6 Steps for Improving Muscle Imbalances
1. Become Aware Of Your Imbalances
How can you tell if you even have muscle imbalances?
Here are some signs to look out for:
- Pain – This isn’t always an indication of imbalances, but since advanced stages of muscular imbalances lead to pain, it can be a telling sign.
- Weakness on one side – Have you ever tried to perform a movement (pull-up, push-up, squat) and noticed that one side fatigues faster? Yep, you’re imbalanced.
- Physique imbalances – This is another sign that can be deceiving. Our bodies aren’t uniformly symmetrical. You could have perfectly balanced strength, but notice that your body looks a bit different in the mirror from side to side. Remember, this CAN be a sign of an imbalance, but it isn’t the be all and end all.
2. Start Tracking
If you really want to improve your imbalances, you need to do some tracking.
Create some tests. If you use weights this is a lot easier, as differences in weights will reveal your strength imbalances. With bodyweight training it’s slightly more challenging. If you have the ability to do a one-arm chin-up or a pistol squat, these can be great for spotting imbalances.
Track your muscles’ abilities on an individual basis. You’ve got to isolate them in order to really see what’s going on.
3. Improve Mobility
Mobility is a critical component in becoming balanced. If you have poor mobility, it’s like stepping on the gas pedal in your car while keeping the parking brake on. Improve your mobility and you’ll notice your strength will also improve.
As you go through some mobility work, write down any differences in range of movement at each joint.
4. Distribute More Bodyweight To Your Weaker Side
If your current routine is filled with more complicated compound movements (like burpees, gracie drills, spider push-ups, etc.), I recommend that you cut down on those exercises while working on your imbalances. Choose exercises where you can more easily isolate your weaker side. The best way to do this is through bodyweight distribution.
Find simple exercises such as push-ups, squats and pull-ups. While performing these movements, shift your weight over to your weaker side. This will put a greater load on the weaker muscle group, forcing it to adapt without relying on the dominant side to take over when it gets tough.
5. Increase Volume
You need volume to increase strength and size. You can’t do one set of push-ups and call it good. You have to work the muscle over and over again, on multiple planes. Use the omni-set technique on your weaker side and you’ll grow like a weed.

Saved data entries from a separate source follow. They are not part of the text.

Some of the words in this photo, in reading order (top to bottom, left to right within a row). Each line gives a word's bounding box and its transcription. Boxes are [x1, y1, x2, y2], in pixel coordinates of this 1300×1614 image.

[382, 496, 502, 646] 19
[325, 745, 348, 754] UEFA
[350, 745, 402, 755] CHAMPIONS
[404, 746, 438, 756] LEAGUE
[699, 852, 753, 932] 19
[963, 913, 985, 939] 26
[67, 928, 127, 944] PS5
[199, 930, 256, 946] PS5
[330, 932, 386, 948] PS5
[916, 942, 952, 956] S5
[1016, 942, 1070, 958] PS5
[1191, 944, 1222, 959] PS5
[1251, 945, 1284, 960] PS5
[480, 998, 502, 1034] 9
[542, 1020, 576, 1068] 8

6. Move Back To Equalized Movements & Greater Awareness
Bodyweight mastery is a process. Over time, you learn your personal habits and can adjust accordingly.

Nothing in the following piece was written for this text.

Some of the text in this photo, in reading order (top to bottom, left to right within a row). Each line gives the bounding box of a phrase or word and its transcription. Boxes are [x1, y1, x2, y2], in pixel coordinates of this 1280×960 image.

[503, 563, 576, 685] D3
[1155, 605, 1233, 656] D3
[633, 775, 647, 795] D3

By using the above steps you’ll start to see greater balance. Once you’re comfortable with your progress, switch back to movements where your bodyweight is distributed evenly.
Over time, you’ll be able to notice that you inevitably begin to favor one side again. But with this greater awareness, you’ll be able to consciously pull yourself back to a more balanced point, and continue developing from there.